__The task__
Could you retype the records below exactly as they appear, skipping any pictures?
--- START ---
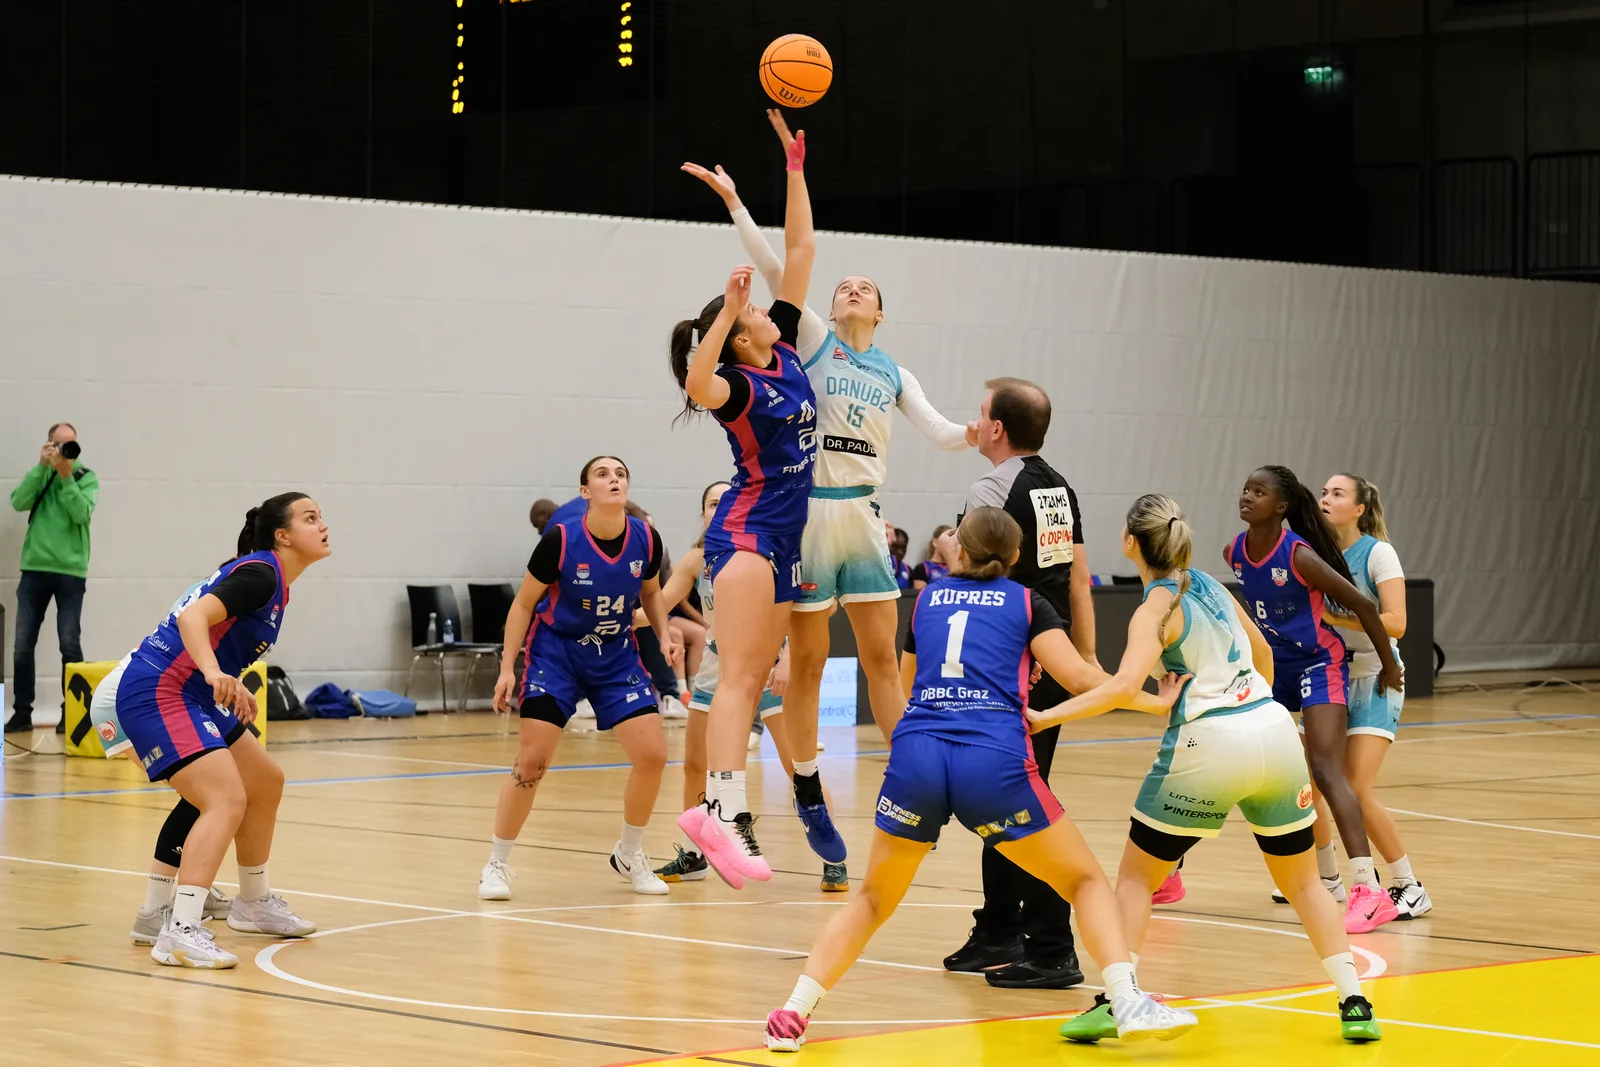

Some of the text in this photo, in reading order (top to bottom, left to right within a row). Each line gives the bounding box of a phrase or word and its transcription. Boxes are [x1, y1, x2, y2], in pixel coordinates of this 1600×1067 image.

[846, 403, 866, 428] 15
[826, 438, 845, 450] DR.
[596, 594, 625, 616] 24
[1256, 600, 1267, 620] 6
[940, 609, 970, 678] 1
[957, 686, 989, 700] Graz
[1198, 799, 1216, 807] AG
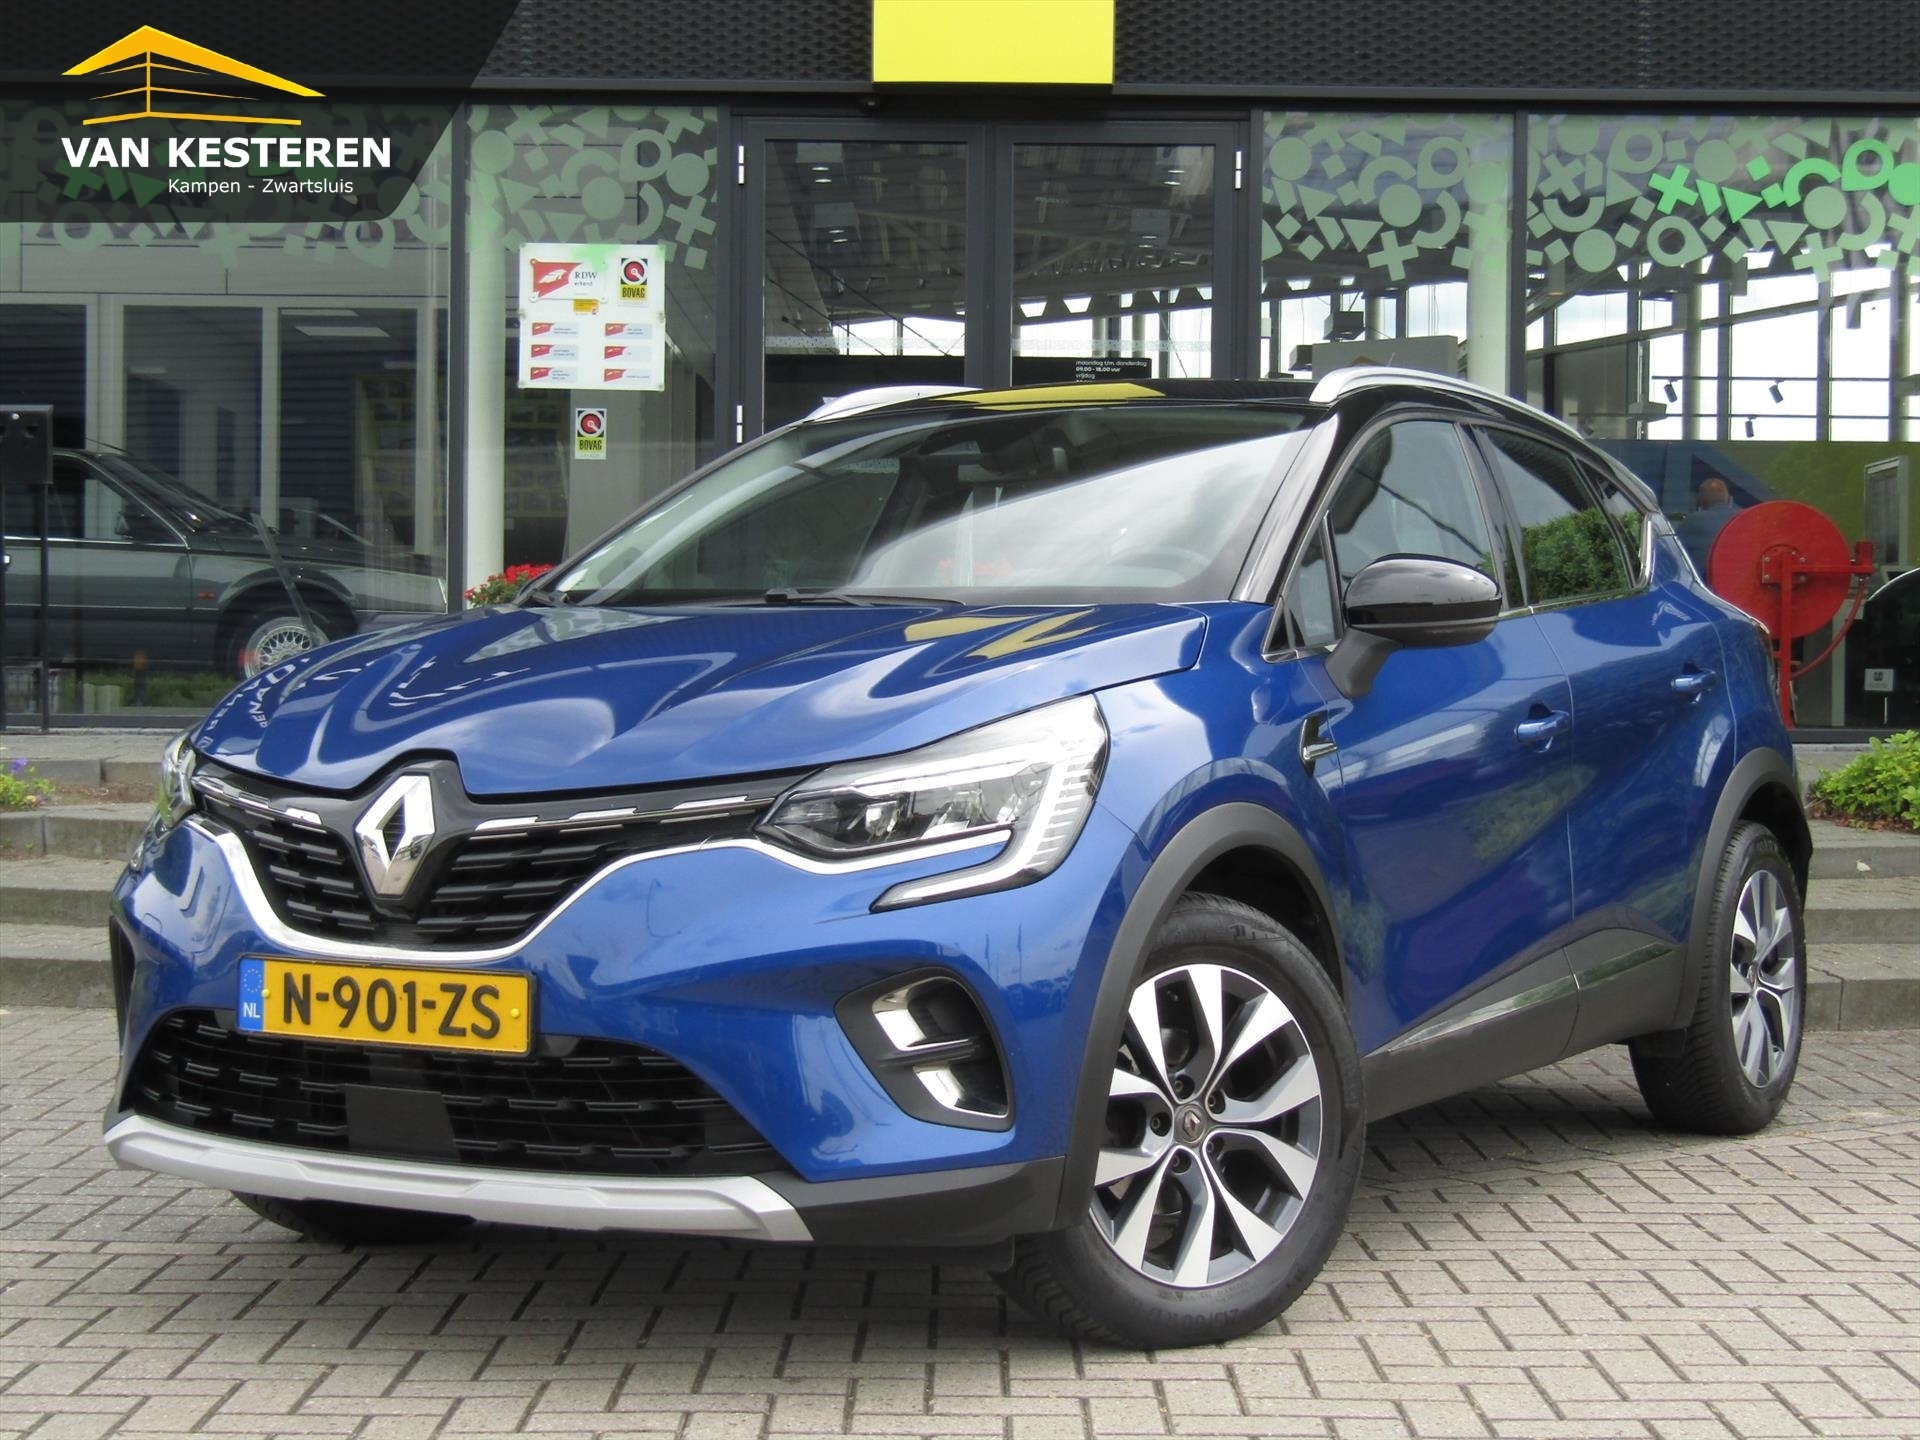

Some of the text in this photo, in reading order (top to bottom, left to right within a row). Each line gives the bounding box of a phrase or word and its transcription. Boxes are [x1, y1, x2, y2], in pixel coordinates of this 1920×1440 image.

[574, 271, 598, 279] RDW
[622, 287, 646, 298] BOVAG
[579, 439, 602, 450] BOVAG
[243, 1001, 261, 1019] NL
[283, 971, 501, 1040] N-901-ZS
--- END ---
__Exercise solution__
Some of the text in this photo, in reading order (top to bottom, left to right within a row). Each line gives the bounding box of a phrase or word and its transcription. Boxes are [x1, y1, x2, y2], in pixel coordinates of this 1600×1067 image.

[846, 403, 866, 428] 15
[826, 438, 845, 450] DR.
[596, 594, 625, 616] 24
[1256, 600, 1267, 620] 6
[940, 609, 970, 678] 1
[957, 686, 989, 700] Graz
[1198, 799, 1216, 807] AG

Some of the text in this photo, in reading order (top to bottom, left to right within a row). Each line gives the bounding box of a phrase or word and its transcription. Boxes are [x1, y1, x2, y2], in pixel coordinates of this 1920×1440 image.

[574, 271, 598, 279] RDW
[622, 287, 646, 298] BOVAG
[579, 439, 602, 450] BOVAG
[243, 1001, 261, 1019] NL
[283, 971, 501, 1040] N-901-ZS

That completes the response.